For the first time, researchers animated a woman who lived in the period of Jōmon Ceramic Culture (BC 8000-BC 300) by removing most of the uncertainties by the DNA analysis.
The project team, which also houses scientists from the National Museum of Nature in Tokyo's Ueno district, displayed this remarkable reconstruction on March 12.
The analyzed DNA was taken from the female's minor teeth, which were thought to have lived in Jōmon period about 3,800 years ago. The skeletal remains of the woman, including the skull, were revealed in the historic site of Funadomari on Rebunto Island in Hokkaido.
The gene analysis carried out on DNA gave information about the determinative facial features of the woman, such as skin and eye color
Scientists have explained that women have a brighter test and lighter brownish eyes compared to today's people in Japan.

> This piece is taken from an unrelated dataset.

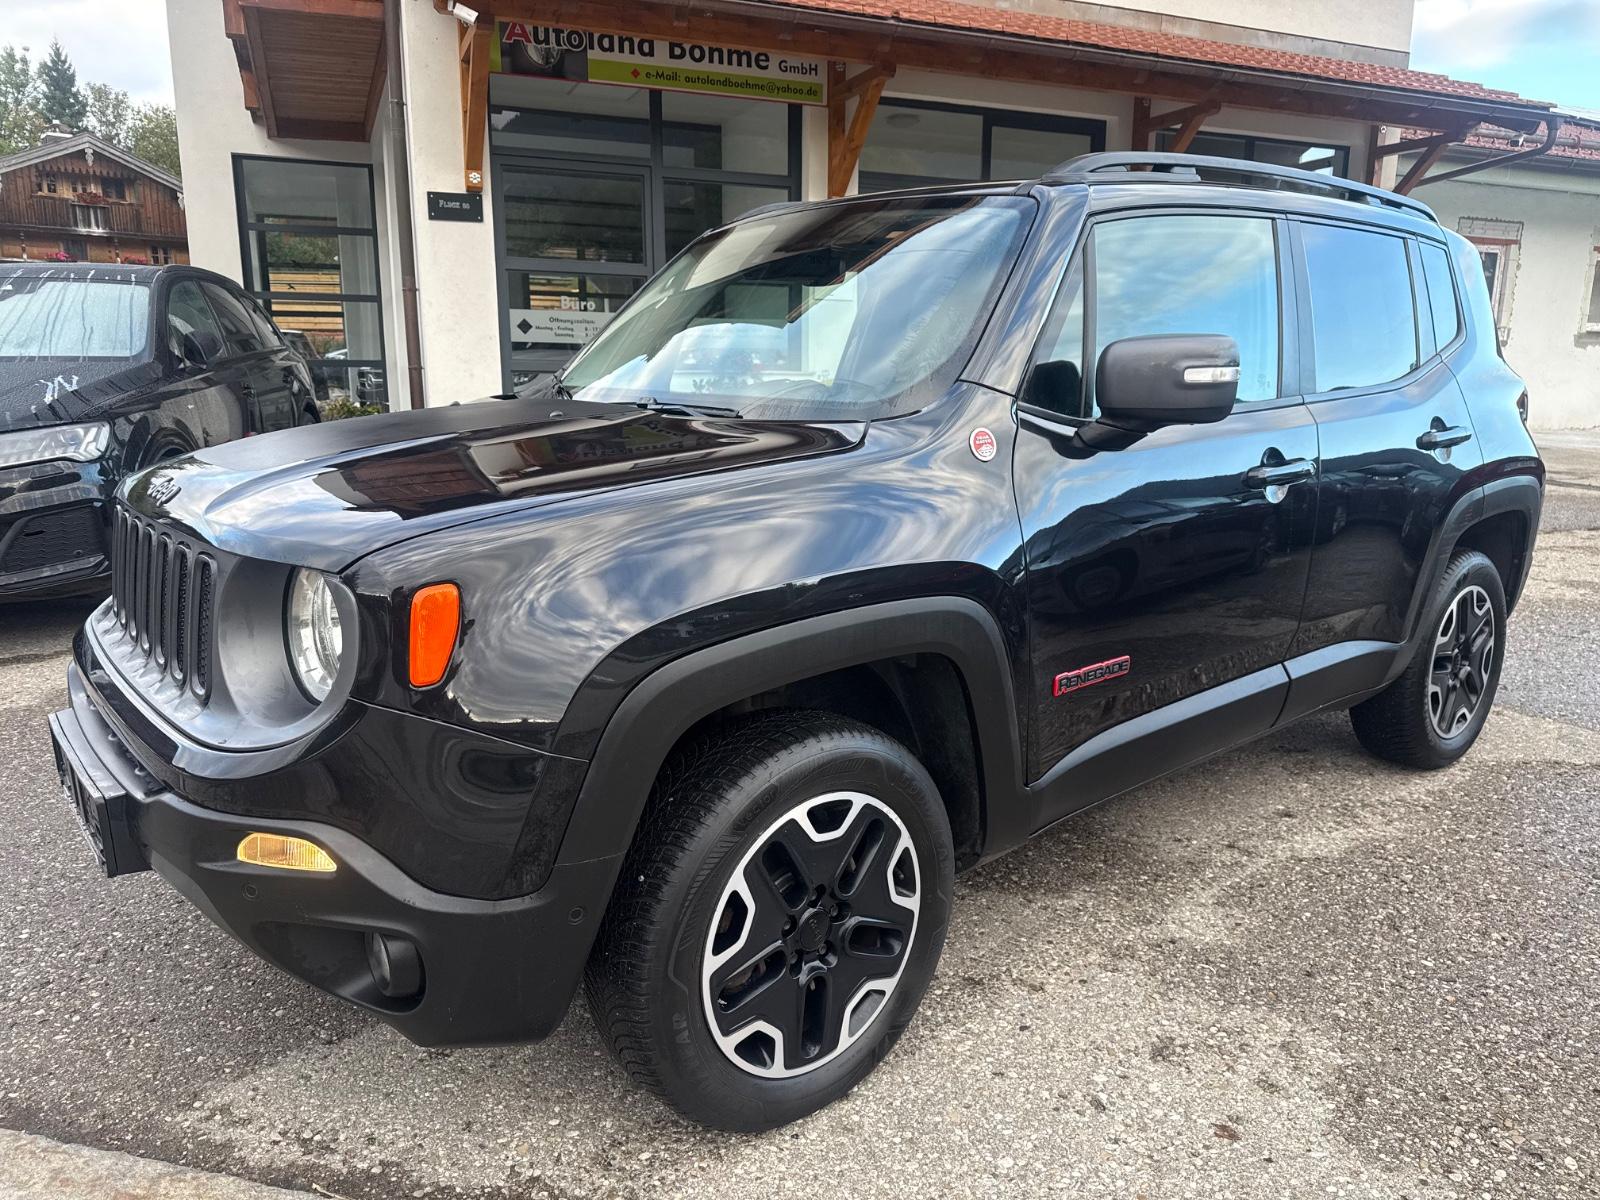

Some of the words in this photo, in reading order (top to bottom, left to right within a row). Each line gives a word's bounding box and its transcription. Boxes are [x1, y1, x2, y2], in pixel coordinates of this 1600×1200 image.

Unlike today's Japanese, it is said that the skin of the skin and the thin, curly hair structure are particularly striking.
The team also confirms that the woman is about 140 cm in height and carries a blood group
Conventional facial reconstructions are based on the physical characteristics of the skull. Researchers have noted that this Japanese woman, aged 3,800 years, assumed the skin and eye color based on modern human qualities.

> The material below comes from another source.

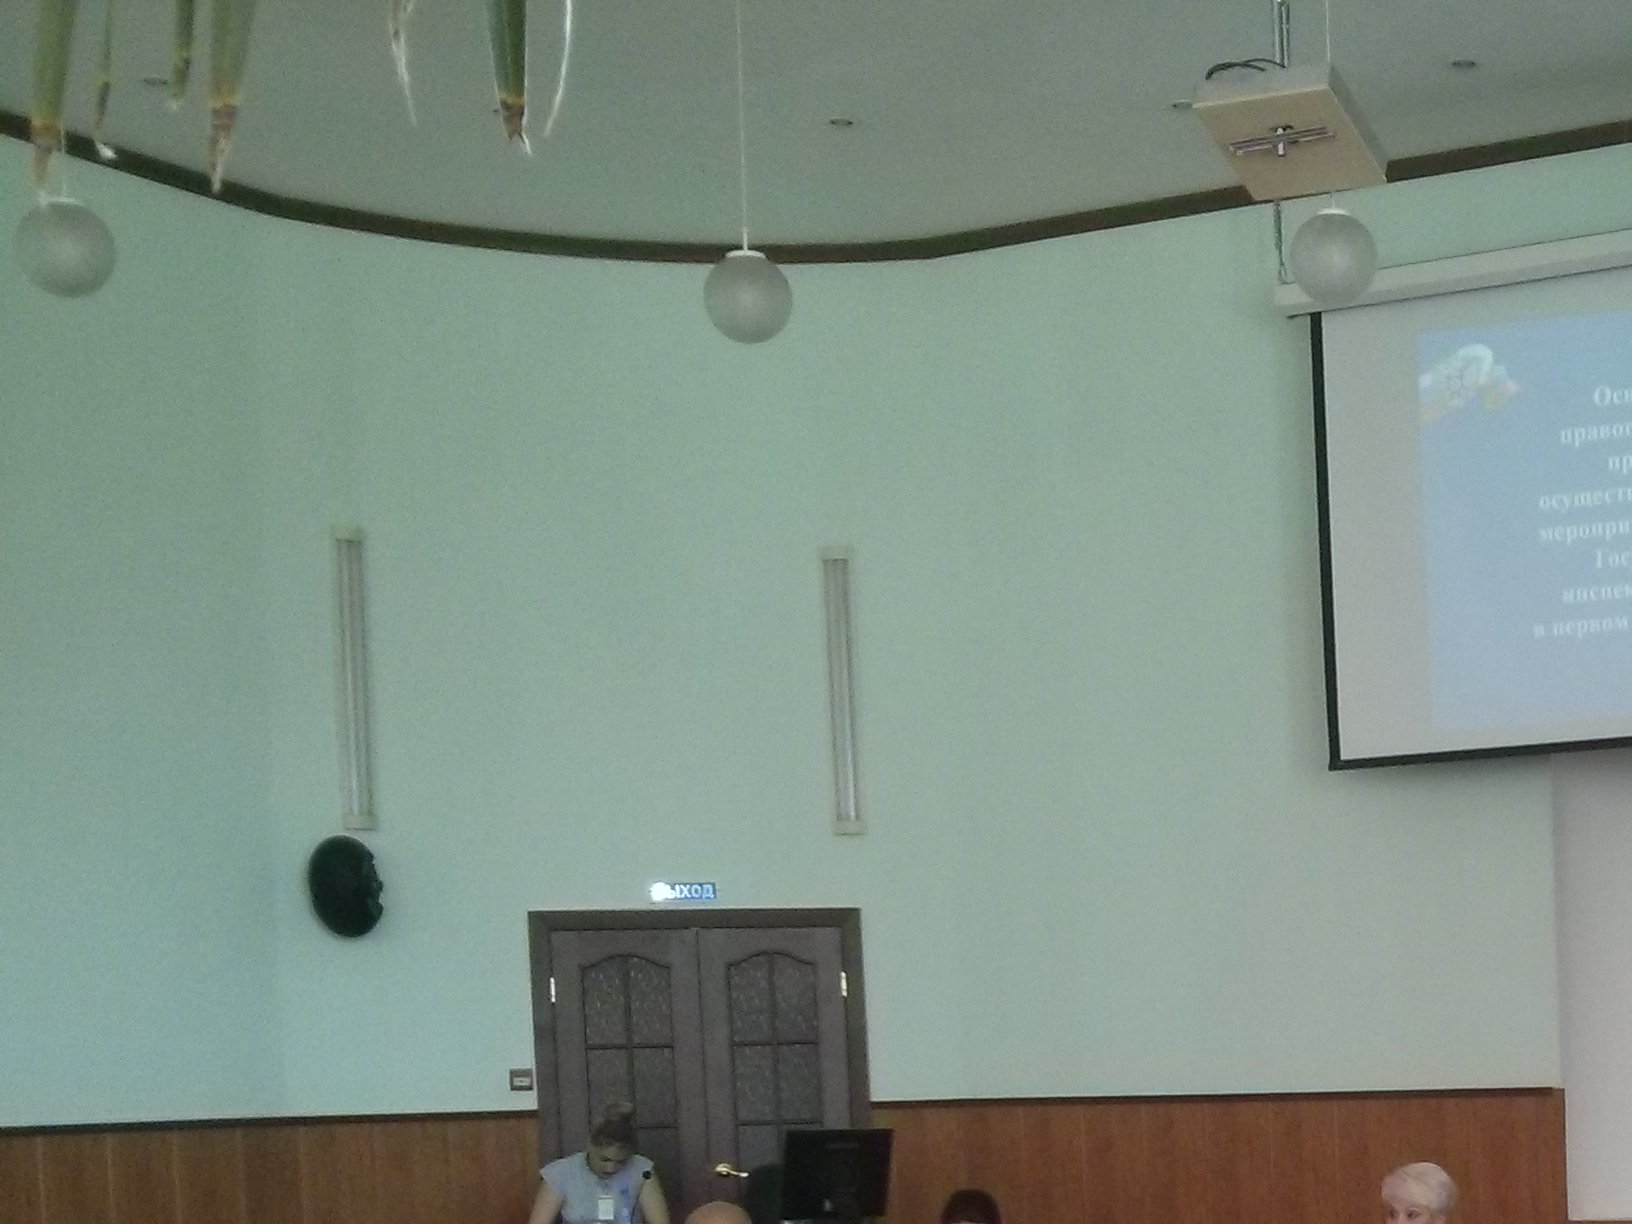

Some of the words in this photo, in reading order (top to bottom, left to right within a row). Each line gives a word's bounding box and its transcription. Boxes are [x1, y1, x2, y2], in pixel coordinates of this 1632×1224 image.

According to the team's claim, genetic information offers a more accurate reconstruction possibility.
Kenichi Shinoda, President of the Department of Anthropology at the National Museum of Nature, says, "When reconstruction based on imagination is supported with concrete information as it is now, it is possible to reconstruct a fairly accurate reconstruction."
The reconstructed model and project proposal will be exhibited at the exhibition "Body: Forcing the Boundaries of the Unknown", which will run from March 13th to June 17th.
The exhibition is organized by The Asahi Shimbun, one of Japan's most respected newspapers.
asahi.co. March 12, 2018.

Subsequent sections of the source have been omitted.